Court Sanctions Defense for Attempted Removal Asserting Only Admiralty Jurisdiction

Cox v. Lippus, 2021 U.S. Dist. LEXIS 212047 *, 2021 WL 5103803 (N.D. Oh. Nov. 3, 2021).

Another district court has joined the many other federal district courts, if not unanimous then nearly so, which have held that despite the 2011 amendment to 28 U.S.C. § 1441(a), a maritime claim filed in state court cannot be removed based solely on admiralty jurisdiction. 

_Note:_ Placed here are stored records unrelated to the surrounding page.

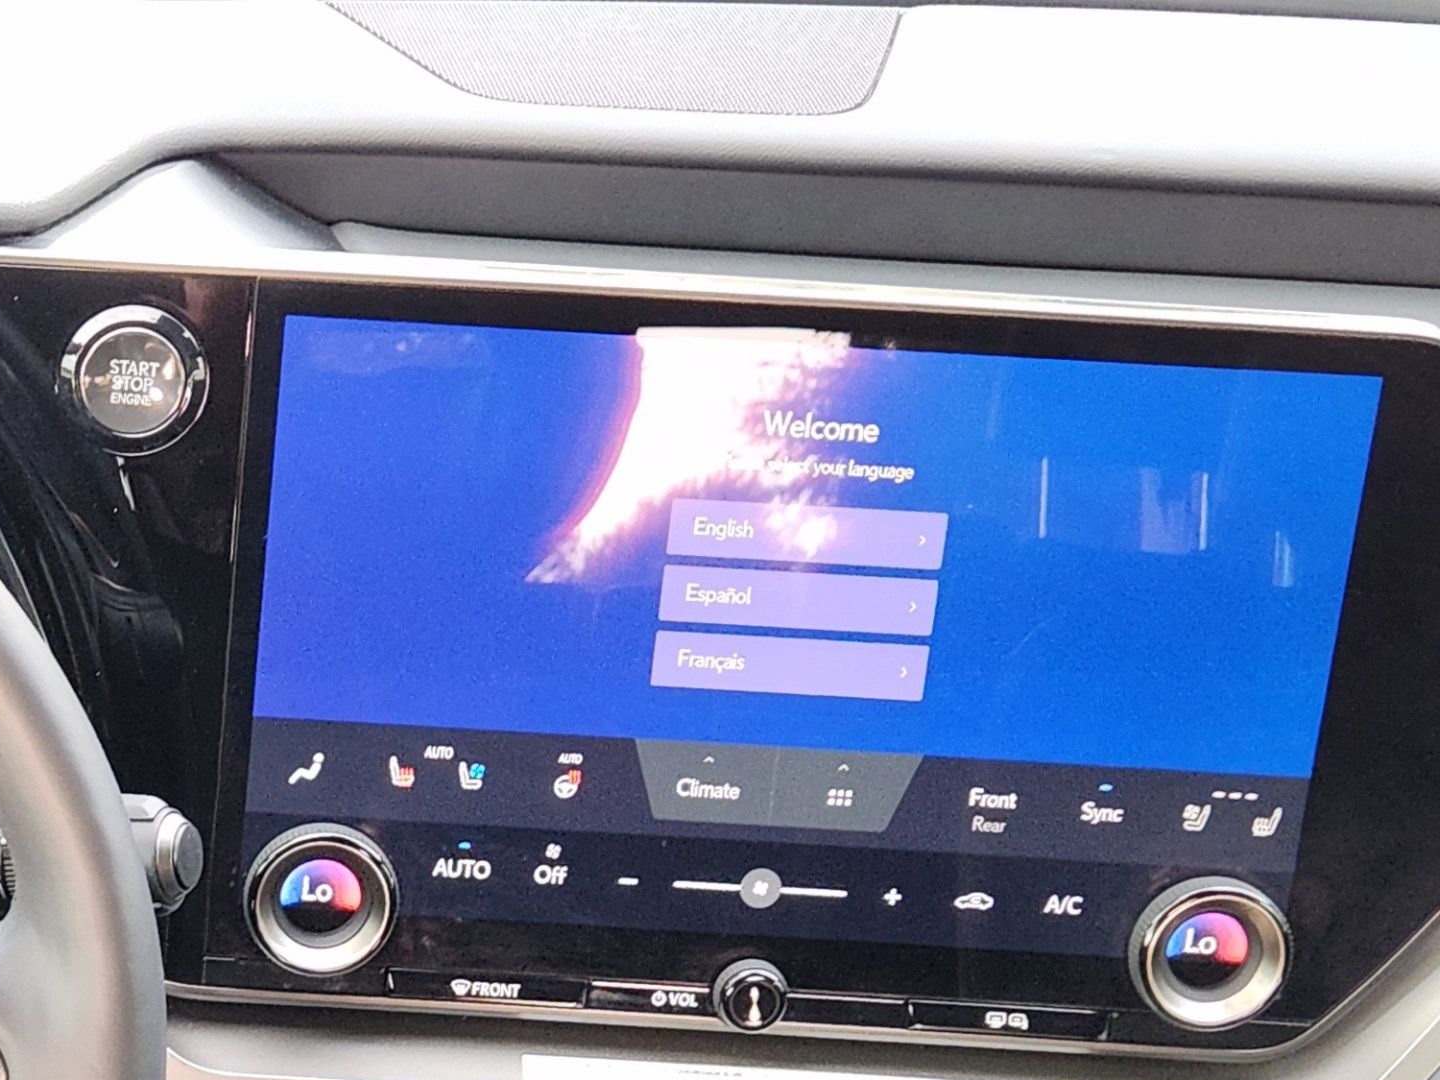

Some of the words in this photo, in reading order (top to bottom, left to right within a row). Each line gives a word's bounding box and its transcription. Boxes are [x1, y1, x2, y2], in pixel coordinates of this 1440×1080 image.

[109, 359, 160, 377] START
[111, 375, 154, 392] STOP
[110, 392, 153, 406] ENGINE
[764, 410, 880, 443] Welcome
[813, 462, 847, 478] your
[848, 458, 914, 483] language
[693, 516, 754, 541] English
[685, 583, 752, 607] Español
[677, 649, 746, 674] Français
[424, 746, 455, 760] AUTO
[558, 753, 583, 765] AUTO
[676, 777, 741, 801] Climate
[969, 787, 1018, 810] Front
[1080, 801, 1124, 824] Sync
[971, 815, 1006, 834] Rear
[432, 857, 491, 880] AUTO
[534, 865, 568, 885] Off
[301, 875, 333, 903] Lo
[1043, 894, 1084, 916] A/C
[1183, 927, 1217, 955] Lo
[472, 981, 521, 999] FRONT
[669, 991, 698, 1008] VOL

Judge James Knepp, II of the U.S. District Court for the Northern District of Ohio granted sanctions for costs and attorney’s fees against defendants for attempting to remove a wrongful death and survival claim from state to federal court asserting solely admiralty jurisdiction. The suit was filed by the administrator of the estate of the decedent who drowned when he fell from a boat owned by the defendant and operated by his son. Suit was initially filed in state court; all parties are citizens of Ohio. 

The defendants attempted to remove the case to federal court asserting that the 2011 Amendments to the removal statute authorized removal on the basis of a federal court’s admiralty jurisdiction citing Lu Junhong v. Boeing Co., 792 F.3d 805 (7th Cir. 2015) and Ryan v. Hercules Offshore, Inc., 945 F. Supp. 2d 772 (S.D. Tex. 2013). The trial judge noted that the Seventh Circuit, in permitting removal of a wrongful death claim based on the court’s admiralty jurisdiction, was not binding and that the panel in that case noted that the plaintiffs did not argue that the “saving to suitors” clause prevented the removal. In addition, the author of the opinion in Ryan reversed course in a subsequent opinion. Lacking diversity, there was no basis for removal.

Plaintiffs moved also for costs and attorney’s fees. Judge Knepp noted that the basis asserted by defendants for removal is well settled in the Sixth Circuit making the action non-removable. With no “objective reasonable basis” for removal, the claimant is entitled to “just costs,” actual expenses and attorney’s fees as a result of the attempted removal.